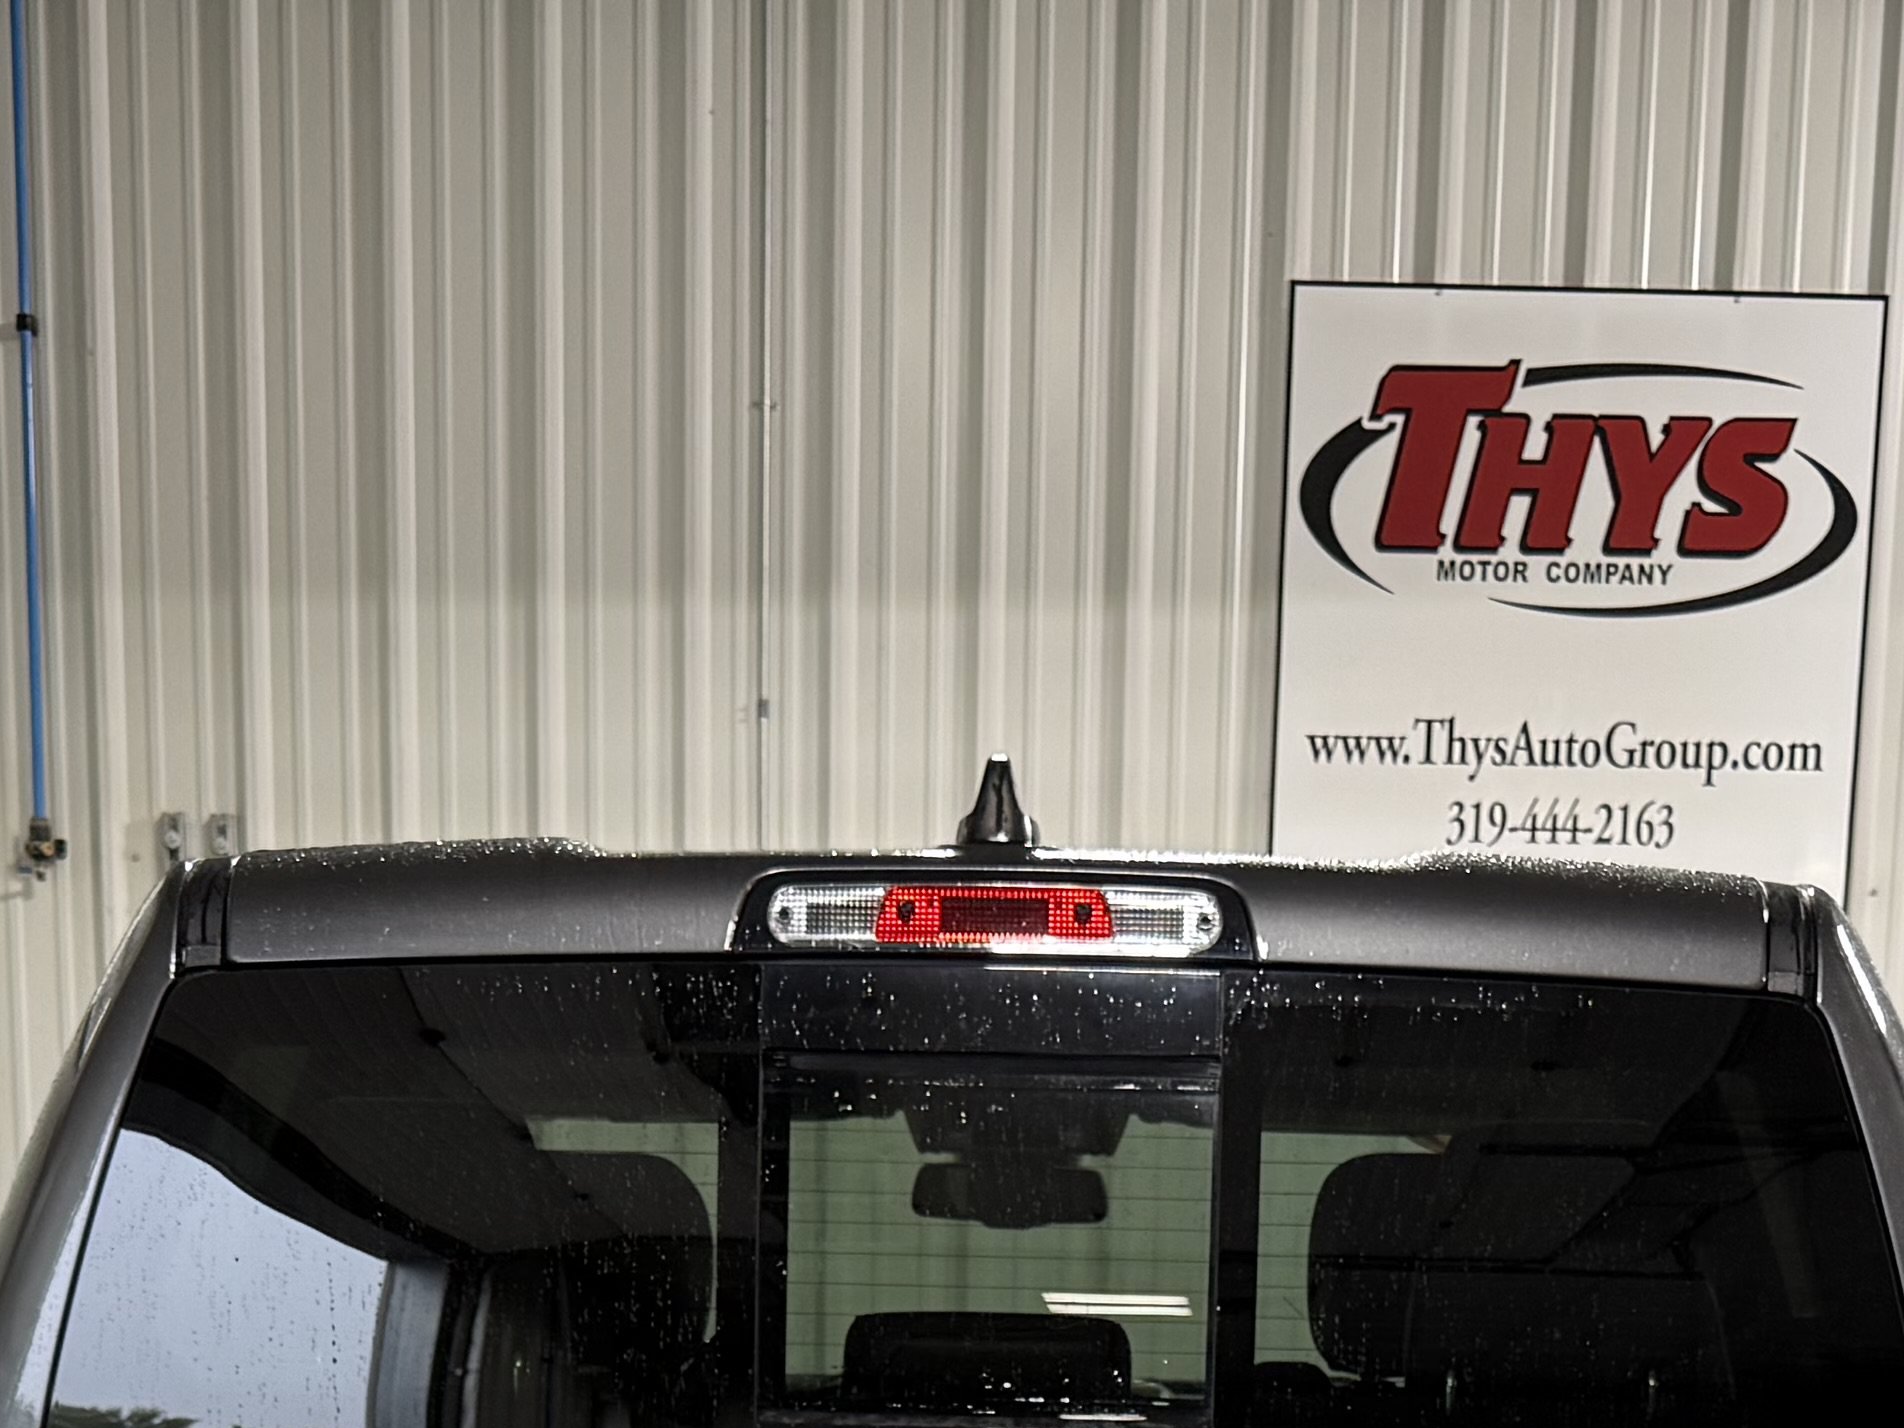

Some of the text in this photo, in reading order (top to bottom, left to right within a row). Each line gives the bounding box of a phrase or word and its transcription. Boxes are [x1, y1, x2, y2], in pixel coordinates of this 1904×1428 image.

[1369, 357, 1799, 557] THYS
[1435, 559, 1673, 587] MOTOR COMPANY
[1305, 716, 1825, 787] www.ThysAutoGroup.com
[1445, 797, 1676, 849] 319-444-2163

**YOUR GOAL**
Skip the images and set down the rest of the data unchanged.

**RESPONSE AREA**
Some of the text in this photo, in reading order (top to bottom, left to right within a row). Each line gives the bounding box of a phrase or word and its transcription. Boxes are [x1, y1, x2, y2], in pixel coordinates of this 1904×1428 image.

[1369, 357, 1799, 557] THYS
[1435, 559, 1673, 587] MOTOR COMPANY
[1305, 716, 1825, 787] www.ThysAutoGroup.com
[1445, 797, 1676, 849] 319-444-2163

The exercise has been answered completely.